Conclusions
Propofol protected hippocampal neurons from I/R injury through two independent signaling pathways, including the calcineurin/FKBP12.6-RyR/calcium overload pathway and the RhoA/Lats1/YAP/Bcl-2 pathway.
Methods
Hypoxia-reoxygenated (H/R) HT-22 cells were used to mimic I/R injury of the hippocampus in vitro. An MTT assay was used to determine cell viability. Cell apoptosis was detected by a TUNEL assay and a flow cytometry cell apoptosis assay. Expression levels of proteins were measured by Western blotting. Intracellular calcium was assessed by Fura-2/AM staining.

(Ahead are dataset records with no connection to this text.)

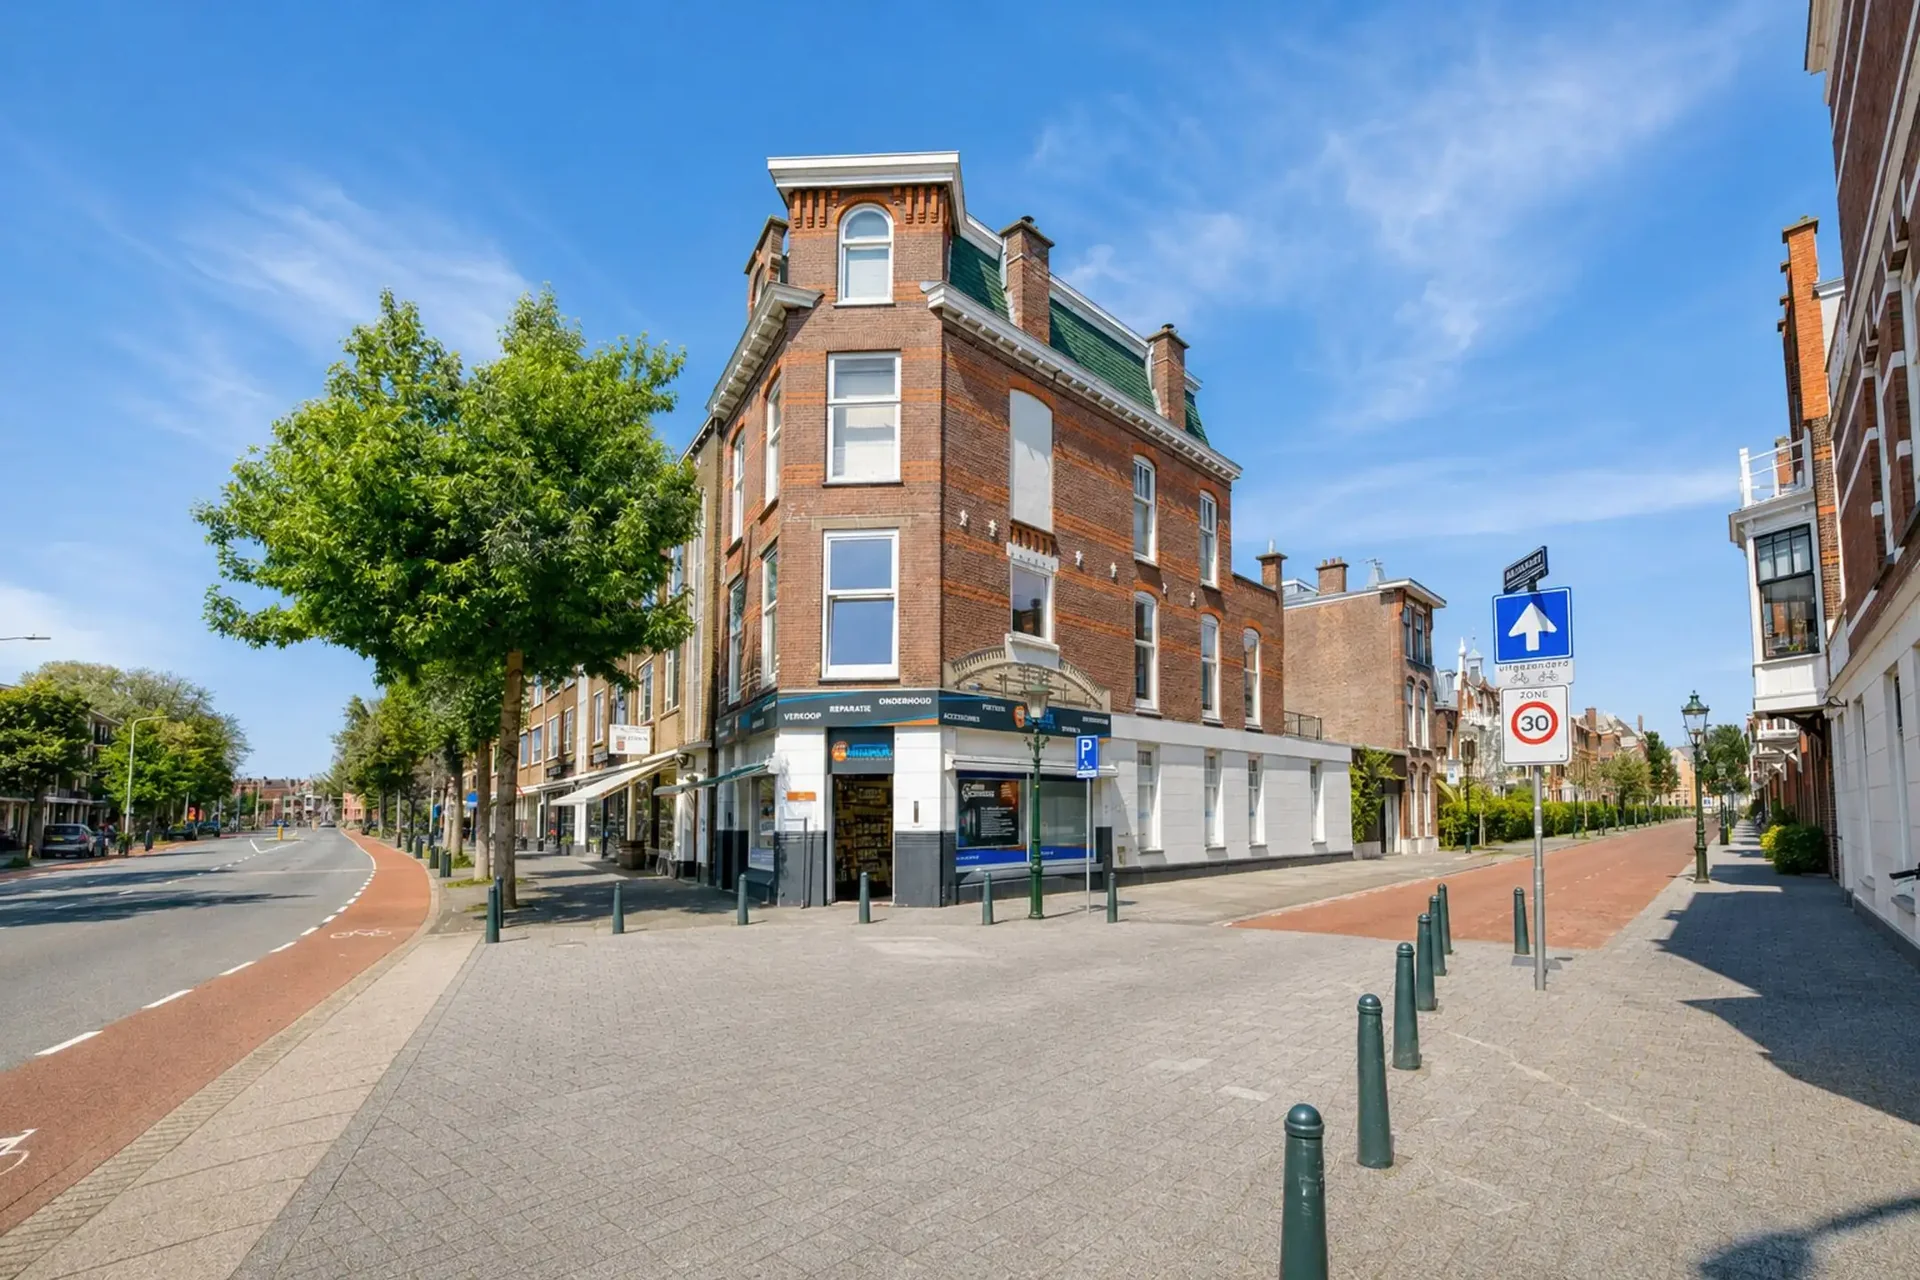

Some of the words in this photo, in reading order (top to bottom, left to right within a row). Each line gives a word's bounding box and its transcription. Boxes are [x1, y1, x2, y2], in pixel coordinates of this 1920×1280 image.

[1499, 660, 1569, 673] uitgezonderd
[1519, 690, 1549, 699] ZONE
[878, 697, 932, 705] ONDERHOUD
[829, 704, 871, 713] REPARATIE
[783, 712, 822, 721] VERKOOP
[1520, 714, 1549, 732] 30
[1081, 738, 1093, 760] P

Flow cytometry was used to determine the mitochondrial membrane potential (MMP). Coimmunoprecipitation was used to evaluate the stability of the FKBP-RyR complex. Calcineurin enzymatic activity was measured with a colorimetric method. YAP nuclear translocation was tested by immunofluorescence staining.
Results
H/R induced HT-22 cell viability depression, and apoptosis was reversed by propofol treatment. Propofol could alleviate H/R-induced intracellular calcium accumulation and MMP loss by inhibiting calcineurin activity and FKBP12.6-RyR disassociation in a concentration-dependent manner. In addition, YAP expression was crucial for propofol to protect HT-22 cell apoptosis from H/R injury. Propofol could activate YAP through dephosphorylation. Activated YAP stimulated the transcription of the Bcl2 gene, which promotes cellular survival. Our data also demonstrated that propofol activated YAP through the RhoA-Lats1 pathway without large G proteins or MST involvement. In addition, we showed that there was no interaction between calcineurin signaling and YAP activation in HT-22 cells. Conclusions: Propofol protected hippocampal neurons from I/R injury through two independent signaling pathways, including the calcineurin/FKBP12.6-RyR/calcium overload pathway and the RhoA/Lats1/YAP/Bcl-2 pathway.